Courtesy of the artists and PLATEAU
Photograph: Kim Sang-tae, courtesy of the artists and PLATEAU
To sum it up in a phrase, there’s an international airport inside an art museum. This is the work of Elmgreen & Dragset, who examined the site first before designing an installation that would befit the space. Arrive a little before 2pm and you can hop on a flight to LA, or discover El Dorado—the lost city of gold that only endures in the minds of unsuccessful conquerors. Well, at least that is what’s announced on the “Departures (2015)” board. Before scrambling for the gate, an airport attendant hands you a free, blank boarding pass to stamp your name onto, four letters at a time with plenty of excess ink to stain your fingers with. “Such horrible customer service,” is what comes to your mind, until you find a teddy bear missing an ear lying inside a trolley basket. Check-in only gets lonelier from here on out.

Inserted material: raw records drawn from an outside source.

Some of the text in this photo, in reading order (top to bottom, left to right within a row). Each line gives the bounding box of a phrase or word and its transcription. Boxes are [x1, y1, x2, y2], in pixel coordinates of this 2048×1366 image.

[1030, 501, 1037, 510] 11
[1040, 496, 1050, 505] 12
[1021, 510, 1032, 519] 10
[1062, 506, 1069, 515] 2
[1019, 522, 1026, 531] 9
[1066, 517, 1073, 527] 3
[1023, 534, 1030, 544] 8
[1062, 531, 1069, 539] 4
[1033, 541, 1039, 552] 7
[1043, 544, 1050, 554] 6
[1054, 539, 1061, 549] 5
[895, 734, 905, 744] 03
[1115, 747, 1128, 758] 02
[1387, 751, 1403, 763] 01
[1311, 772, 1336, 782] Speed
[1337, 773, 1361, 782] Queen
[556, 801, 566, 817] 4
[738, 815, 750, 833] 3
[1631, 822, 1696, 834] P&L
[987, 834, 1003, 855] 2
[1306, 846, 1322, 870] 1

Committing to the role of a passenger, the installed pieces spark a desire to touch and fiddle around with the objects, but this type of interaction is not allowed. The duo’s new fragrance is advertised on a large screen in front of you, but it can only be viewed and not purchased at the art shop, now “duty free store” downstairs. The “White Maid (2014)” attends to the first class lounge, but, alas, she is locked up with chains and a padlock. Exhausted from feeling helpless, you move onwards and a sofa comes into view, but sinking into the fabric seats, the guards tell you to get off. Another work reads, “This Place Can’t Be Yours”, and your frustration doubles with this ugly truth. The airport doesn’t belong to a singular entity, and PLATEAU isn’t a real airport. So there really is no need to feel anxious when you hear an announcement that a lost child is looking for his or her parents. With more past works installed than new, “Aéroport Mille Plateaux” may feel like a dirty trick or a recycling job gone wrong. But Elmgreen & Dragset has always considered their pieces as mere ingredients to recontextualize a space, presenting unique narratives with each delivery. The phone booth you noticed coming in is another oldie from 2007, but make sure to pick up the receiver, as there’s a message for you in Korean spoken by one of the artists. The whole experience will both warmly embrace and hurt you at the same time—especially if you feel like a lonely tourist when you exit.